What does mental health look like in a pandemic? How do conversations like this one continue for the rest of the year, while maintaining space for other issues that will affect directly the psychological state of players the league is trying to elevate? Does a “month” mean less when time has stopped meaning anything, and if that’s the case how do we hold what’s important in our heads and hearts, stay present as much as we are accountable?
Guy doesn’t have all the answers, but as a player in that next generational cohort, and a person who has juggled the weight of the past few months, he does have an idea.
“Yes, let’s have the month for mental wellness, let’s have the month for African American history, everything,” Guy says. “I like that. But at the same time, just listen to the players and to society, and whatever’s going on is where [the NBA’s] attention should be directed. That’s subject to change, but as a young 22-year-old who doesn’t know a whole lot, I think whatever’s going on is where the attention should be.”

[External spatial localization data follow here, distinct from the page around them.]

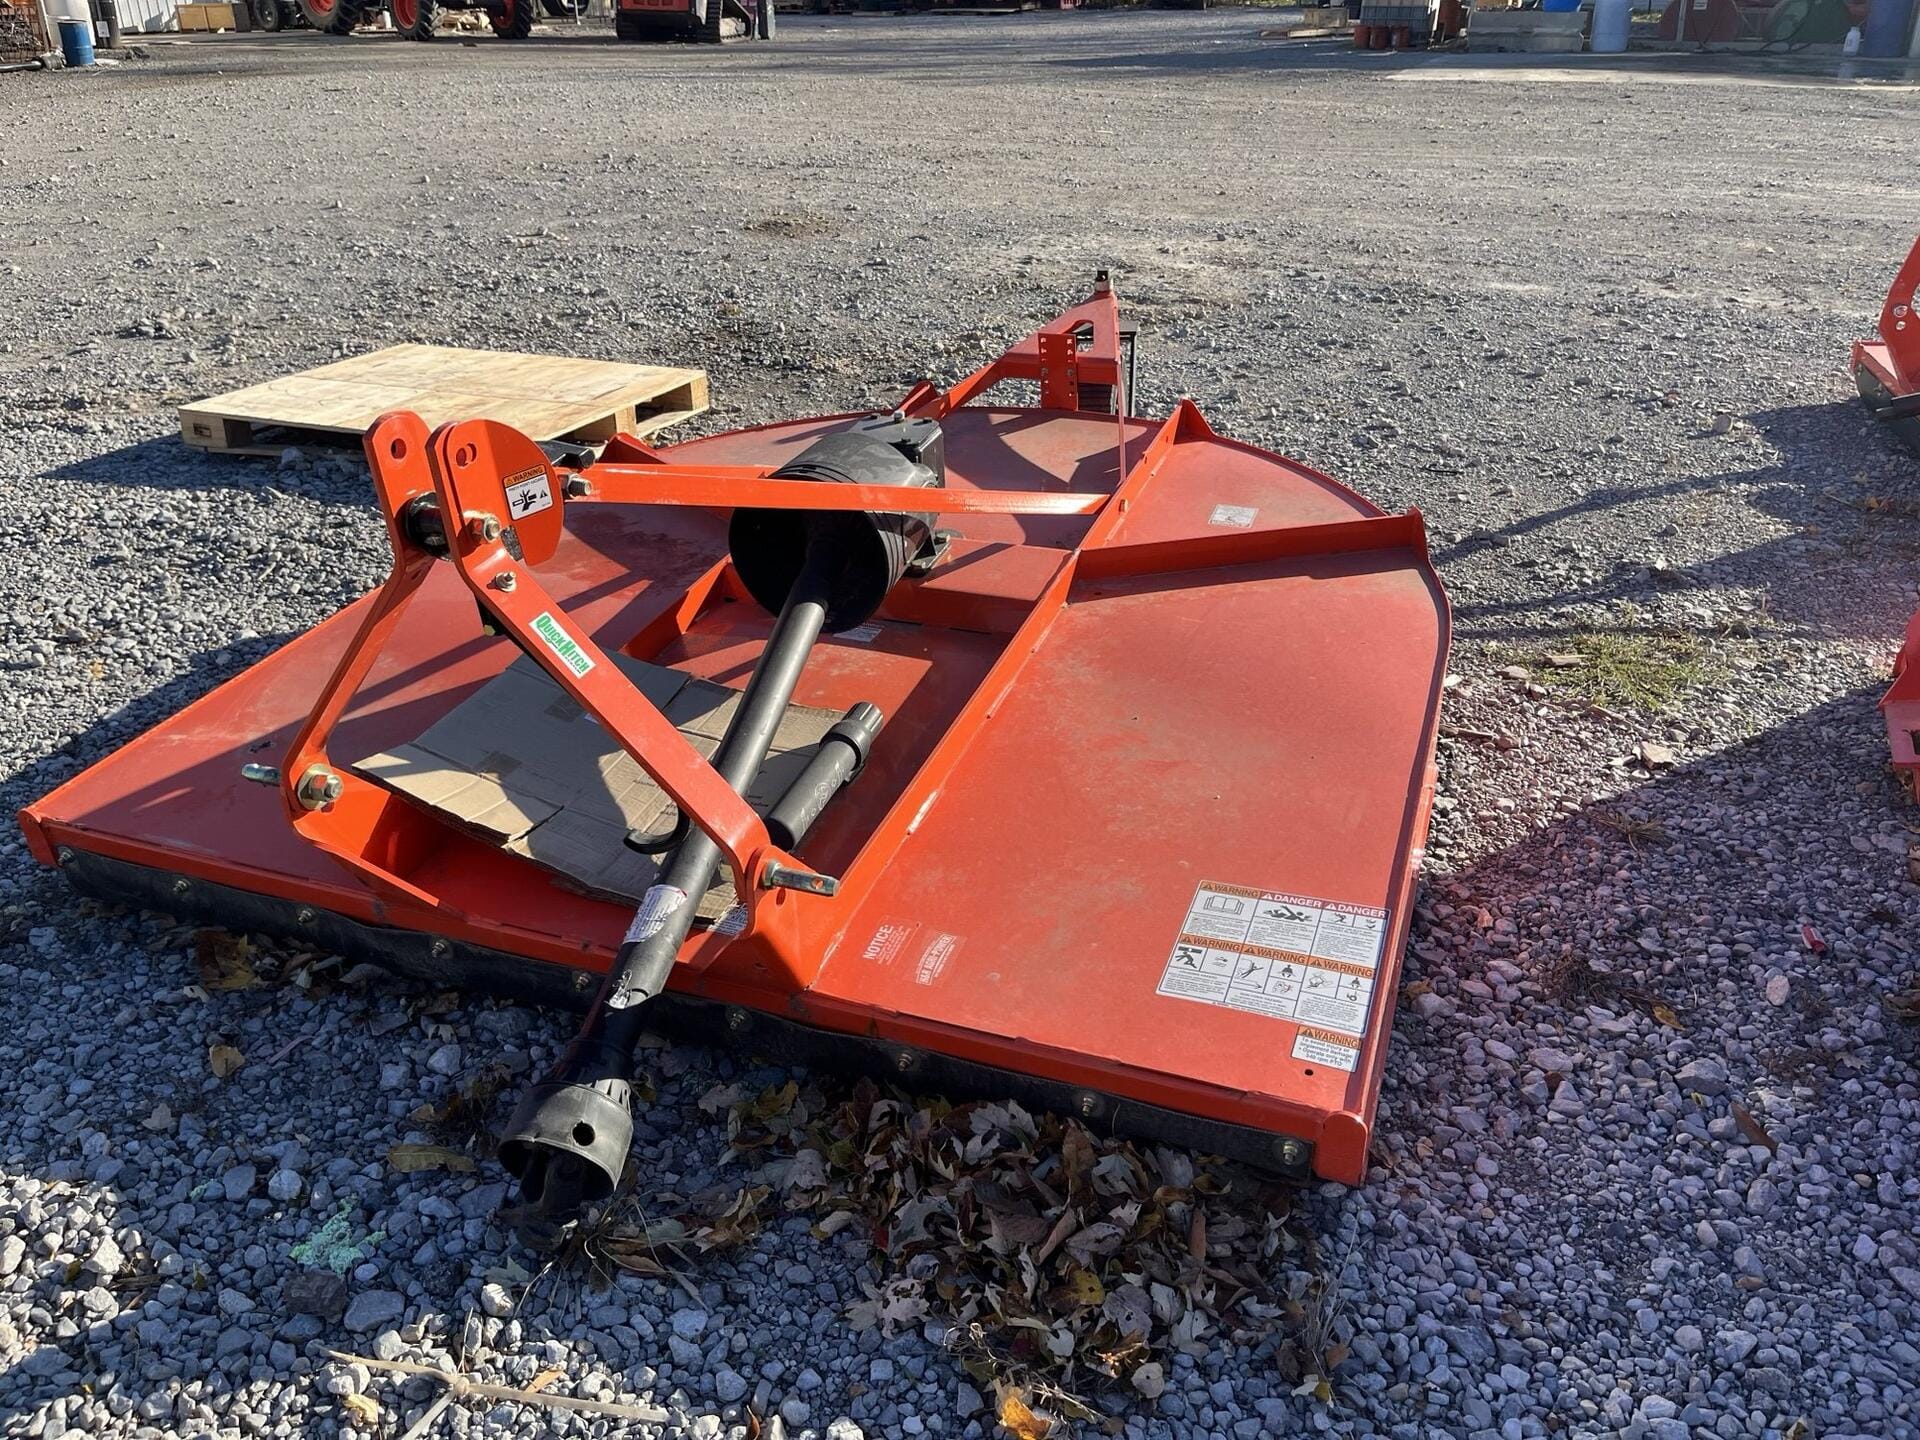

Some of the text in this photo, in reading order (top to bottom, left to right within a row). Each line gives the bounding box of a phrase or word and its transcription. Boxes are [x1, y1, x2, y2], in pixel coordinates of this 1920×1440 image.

[513, 467, 543, 483] WARNING
[1214, 885, 1258, 897] WARNING
[1273, 894, 1322, 908] DANGER
[1337, 903, 1386, 918] DANGER
[862, 924, 894, 960] NOTICE:
[1193, 937, 1241, 951] WARNING
[1257, 948, 1306, 964] WARNING
[1323, 962, 1373, 977] WARNING
[1314, 1029, 1358, 1047] WARNING

This year has brought difficult lessons in the cost of too narrow a view. The silver lining of the pandemic may be in where it’s shown how quickly we are able to to shift our focus, how powerful a collective response can be as we, gradually, grow more comfortable with holding multiple uncomfortable things requiring our attention at once, acknowledging where they overlap in root cause and affect. The NBA has done some of its most impactful work when it stays present and remains responsive to its players and people, and how they are informed by the world at large.
In committing to a month of mental health awareness, and then recommitting when that month grew beyond its almanac boundaries, the league is putting in the repetition, and the practice, that will further the shift in turning first steps to second nature.